View Full Version : Slow down 25fps to 24fps?


Douglas Turner
March 23rd, 2009, 11:17 PM
Hello all,

Just signed a US DVD distribution deal for our film (woohoo!), and we've negotiated to deliver the film on a hard drive as a 24fps quicktime file (MUCH cheaper for us to do than to get an HDCAM transfer).

The film has been finished off as a great quality "Filmscan 2" Cineform HD avi, 25fps, 1440x1080, 1.33, 80GB file (80 mins).

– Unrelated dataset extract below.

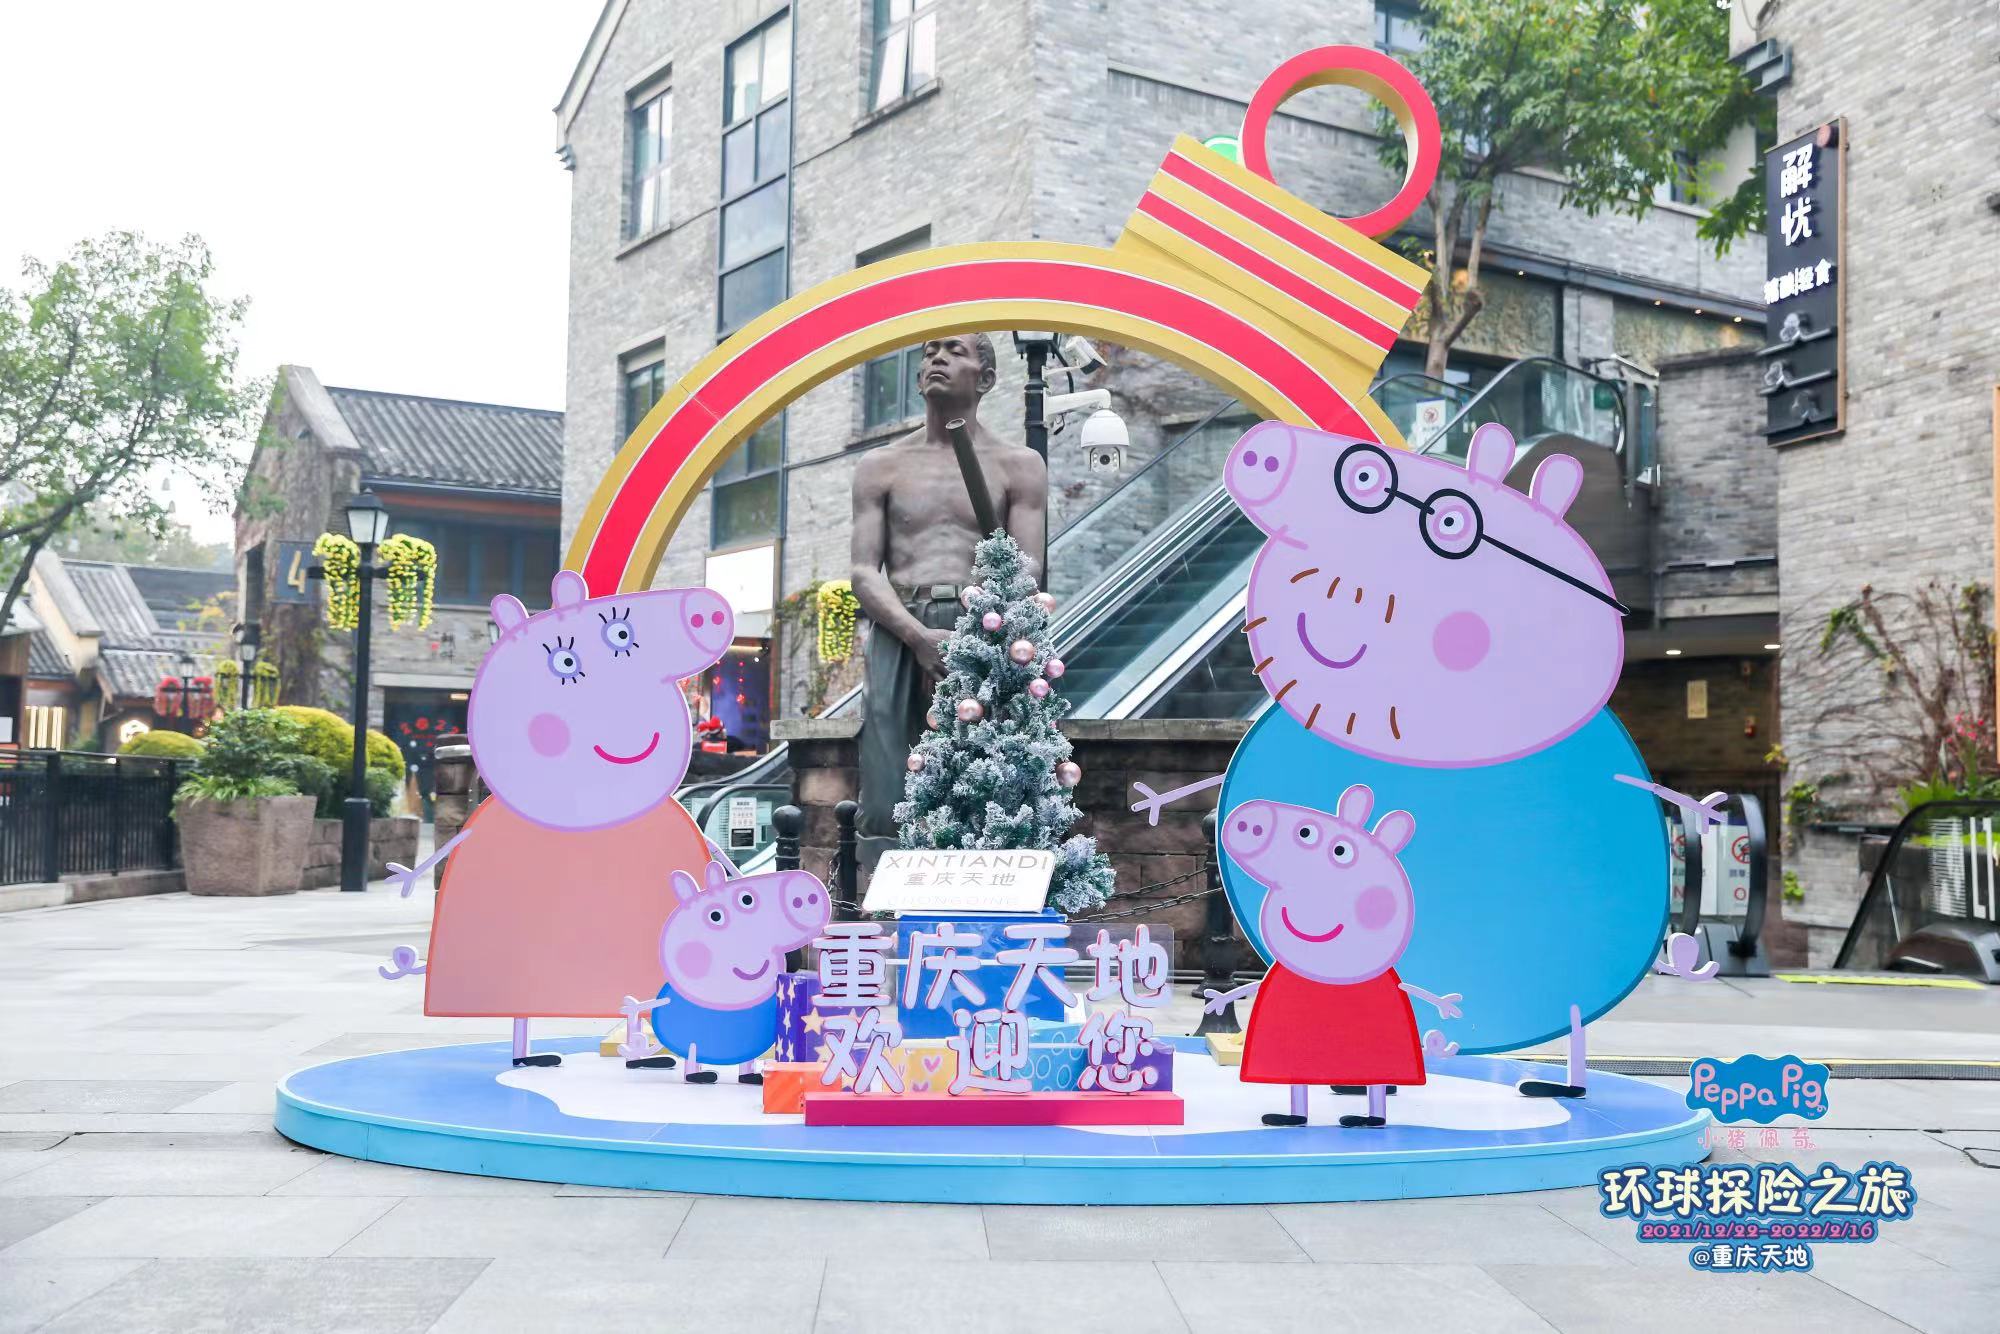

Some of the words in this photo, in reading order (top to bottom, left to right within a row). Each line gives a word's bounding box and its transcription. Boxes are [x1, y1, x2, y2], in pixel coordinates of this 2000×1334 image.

Wondering if anyone's done this before and discovered the best way of doing it - I assume slowing it down is the best way, as we don't want to reduce the quality of the video or introduce juddering on pans etc from frame removal.

Cheers! Doug.

David Newman
March 23rd, 2009, 11:25 PM
If that 25p (not 50i), there is zero issues converting to 24p, it has happened a million times before. Everytime you watch a movie on PAL TV you are watching in 4% faster than it plays on NTSC, the same occurs in reverse. So all you need to do is set the video to be 24 (no quality issues) and then remodulate your audio (for pitch correction to handle the speed change.)

Douglas Turner
March 23rd, 2009, 11:32 PM
Thanks David.

Any Cineform tools can help with this like HDLink, or you just suggest opening a Premiere Pro 24fps project, importing the 25fps footage...

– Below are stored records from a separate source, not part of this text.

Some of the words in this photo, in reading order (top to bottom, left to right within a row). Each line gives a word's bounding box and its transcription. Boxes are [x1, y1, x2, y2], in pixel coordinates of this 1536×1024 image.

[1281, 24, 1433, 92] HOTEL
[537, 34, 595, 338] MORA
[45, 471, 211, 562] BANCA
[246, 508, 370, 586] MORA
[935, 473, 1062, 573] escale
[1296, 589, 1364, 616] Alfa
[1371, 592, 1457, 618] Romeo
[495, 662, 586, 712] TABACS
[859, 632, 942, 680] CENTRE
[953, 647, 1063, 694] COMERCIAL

Also with audio, you can speed up/slow down in Premiere Pro and tick the "Maintain Pitch" which should also do the trick?

David Newman
March 23rd, 2009, 11:34 PM
Either way works fine. HDLink is faster.

Jack Walker
March 24th, 2009, 12:49 PM
Either way works fine. HDLink is faster.
Is HDLink a Cineform product? I can't find it on the website.

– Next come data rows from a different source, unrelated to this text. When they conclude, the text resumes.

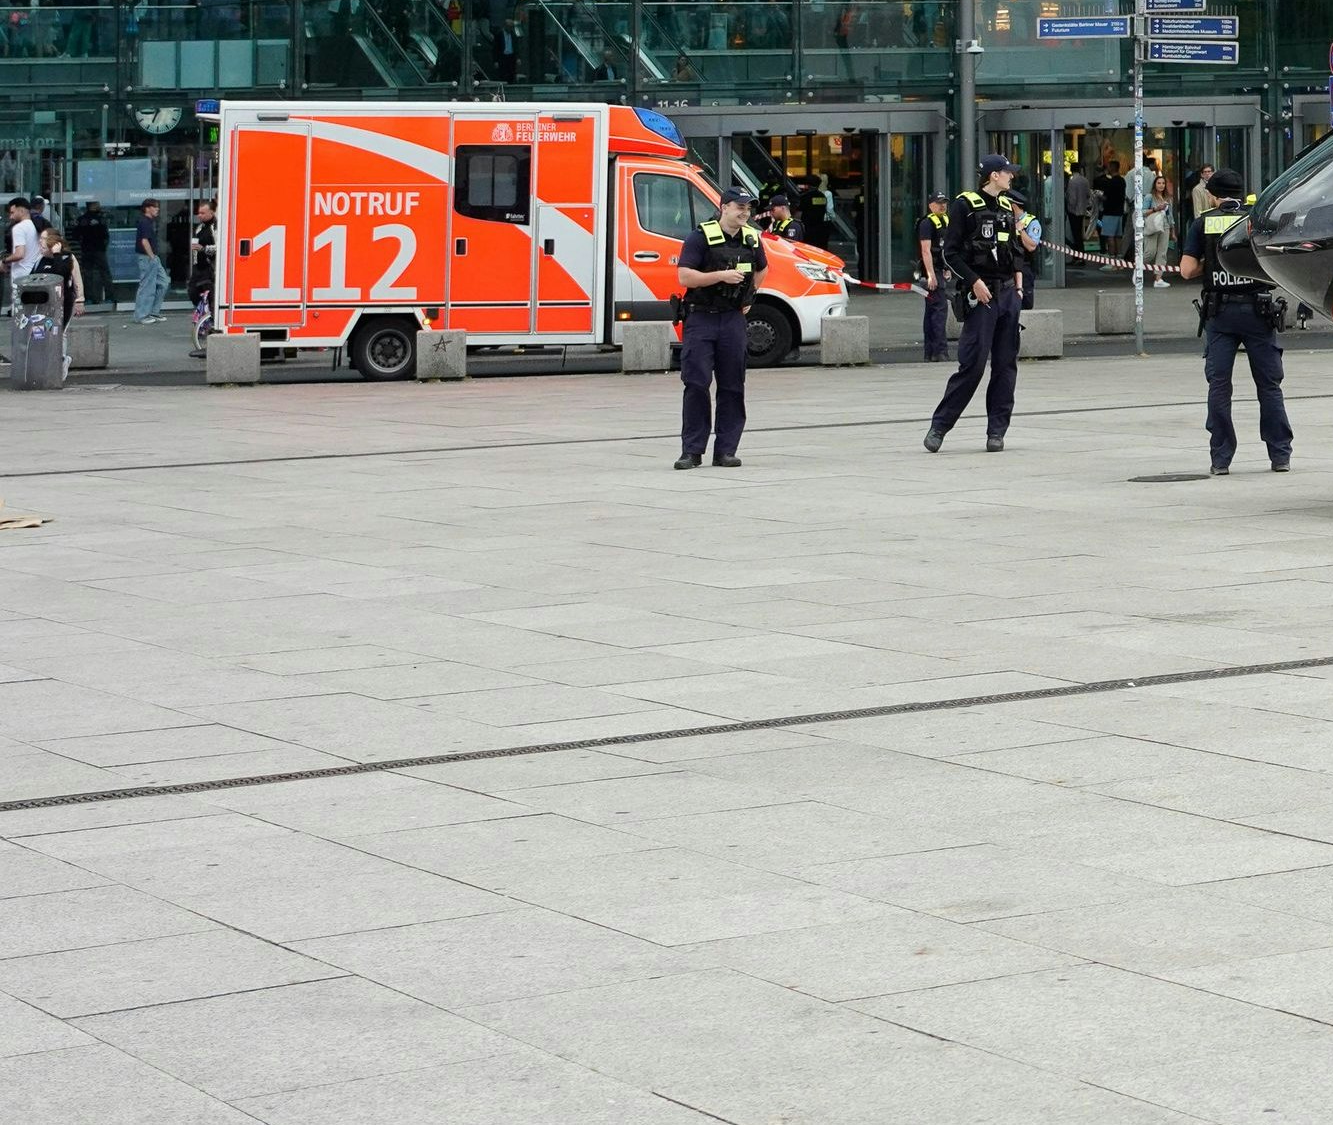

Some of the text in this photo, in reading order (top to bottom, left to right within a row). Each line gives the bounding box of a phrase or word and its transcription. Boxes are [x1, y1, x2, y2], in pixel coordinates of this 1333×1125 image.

[516, 122, 557, 131] BERLINER
[516, 132, 577, 142] FEUERWEHR
[314, 191, 420, 217] NOTRUF
[250, 223, 418, 302] 112
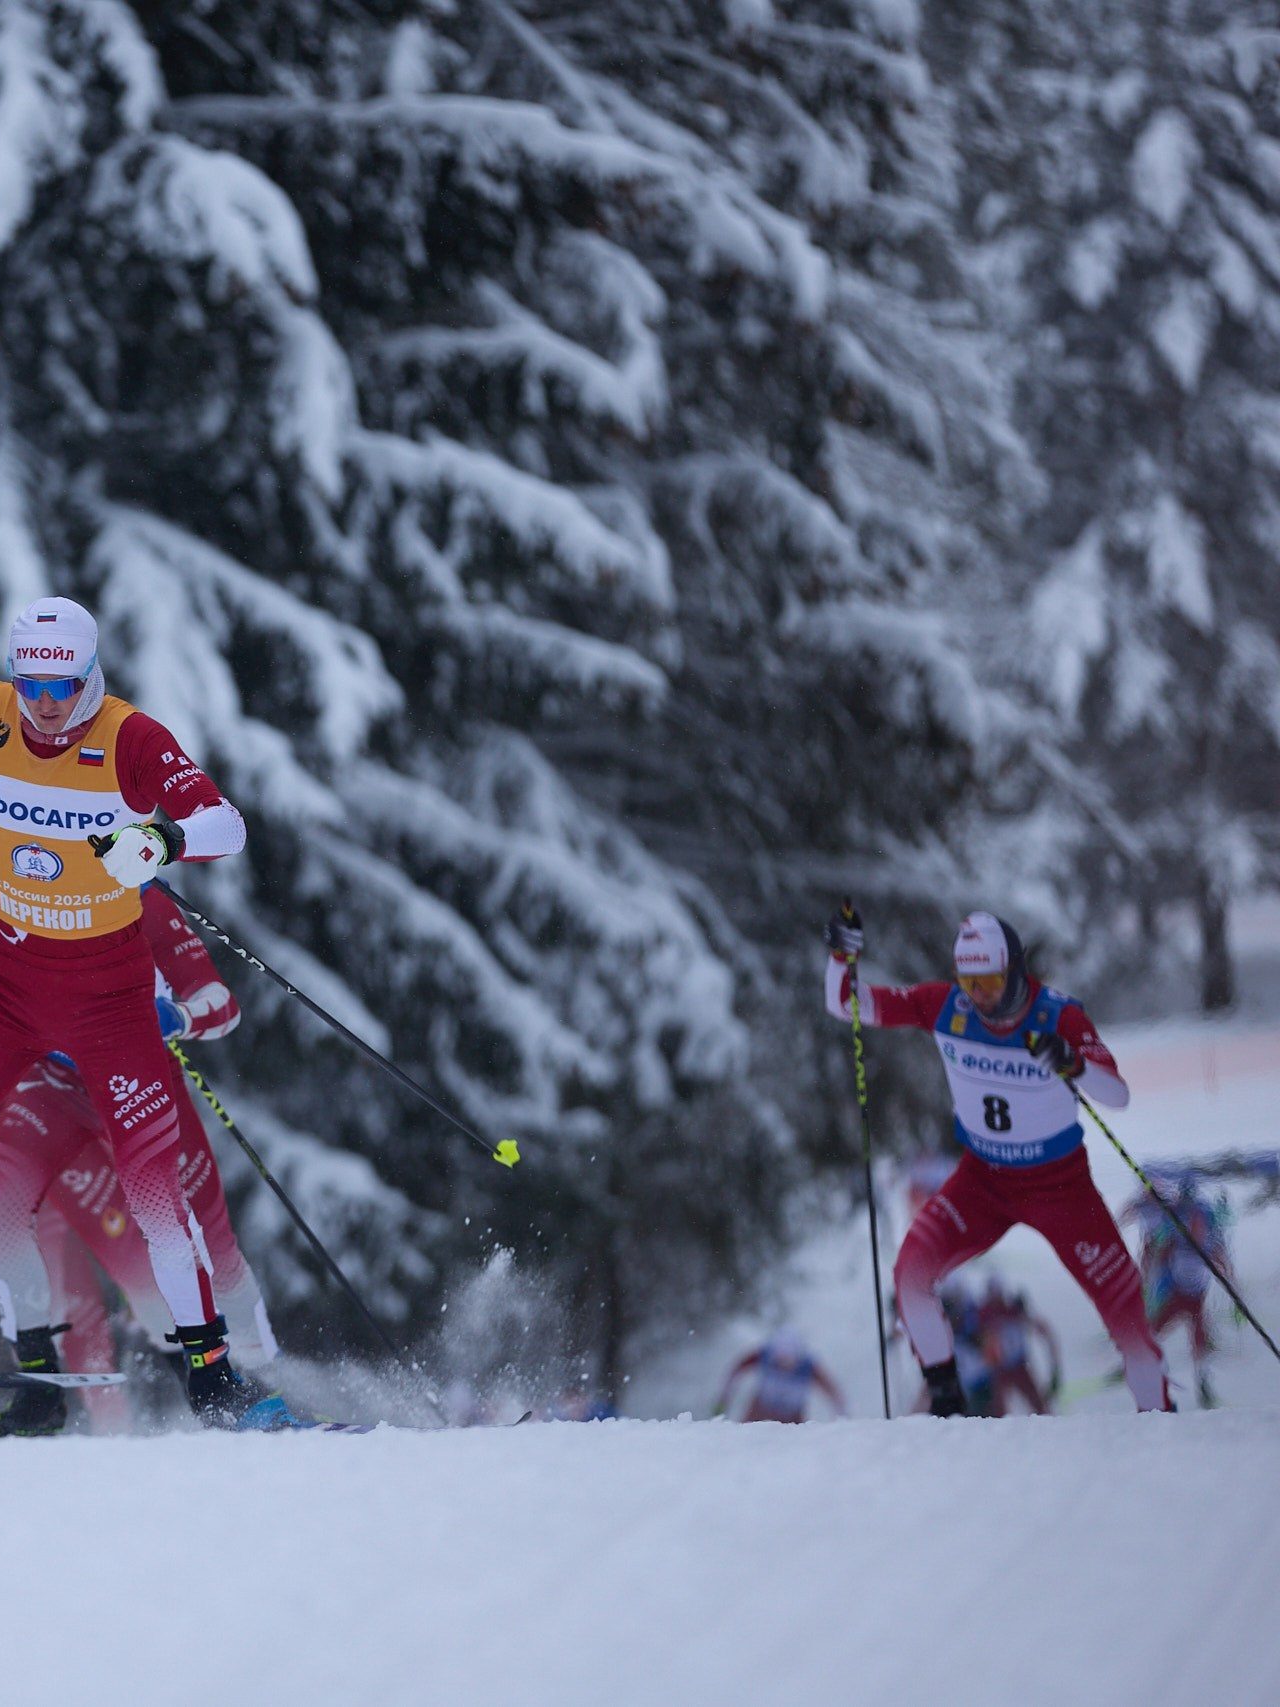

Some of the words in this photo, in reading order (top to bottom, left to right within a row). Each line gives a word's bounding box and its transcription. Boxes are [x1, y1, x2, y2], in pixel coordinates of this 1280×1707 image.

Or are you talking about the BlackMagic product?
Blackmagic Design: HDLink (http://www.blackmagic-design.com/products/hdlink/)

David Newman
March 24th, 2009, 01:16 PM
No, we had the name first. I thought you are using our tools, HDLink is in all our PC products, it is even in the manual :). It converts all media types into CineForm files -- it also does resizing, pulldown filtering and rate conversions.

Jack Walker
March 24th, 2009, 01:35 PM
No, we had the name first. I thought you are using our tools, HDLink is in all our PC products, it is even in the manual :).

Is it included with Neo Scene?

Thanks!

David Newman
March 24th, 2009, 02:39 PM
Oopss! Jack, I had your posted miced up with Doug's, that explains the confusion of HDLink. The Neo Scene utility is HDlink renamed, however it was renamed as it had all the professional processing features removed (scaling, frame rate resampling, flips etc.) You want NEO HD or above for those features.

Jack Walker
March 24th, 2009, 02:45 PM
Oopss! Jack, I had your posted miced up with Doug's, that explains the confusion of HDLink. The Neo Scene utility is HDlink renamed, however it was renamed as it had all the professional processing features removed (scaling, frame rate resampling, flips etc.) You want NEO HD or above for those features.
Thank you, that explains my confusion. (I have Neo Scene and thought I was understanding the program. It looks like I bought the wrong Cineform product.)

David Taylor
March 24th, 2009, 07:50 PM
Thank you, that explains my confusion. (I have Neo Scene and thought I was understanding the program. It looks like I bought the wrong Cineform product.)

Jack, if you need to upgrade to Neo HD you can do so with no price penalty. You'll be charged the difference in MSRP between Neo HD and Neo Scene: NEO HD v3 (Windows Download) (http://www.cineform.com/neohdv3windowsmacdownload-2.aspx)

Jack Walker
March 24th, 2009, 08:49 PM
Jack, if you need to upgrade to Neo HD you can do so with no price penalty. You'll be charged the difference in MSRP between Neo HD and Neo Scene: NEO HD v3 (Windows Download) (http://www.cineform.com/neohdv3windowsmacdownload-2.aspx)
Thanks! (not even words) Thanks, thanks, thanks!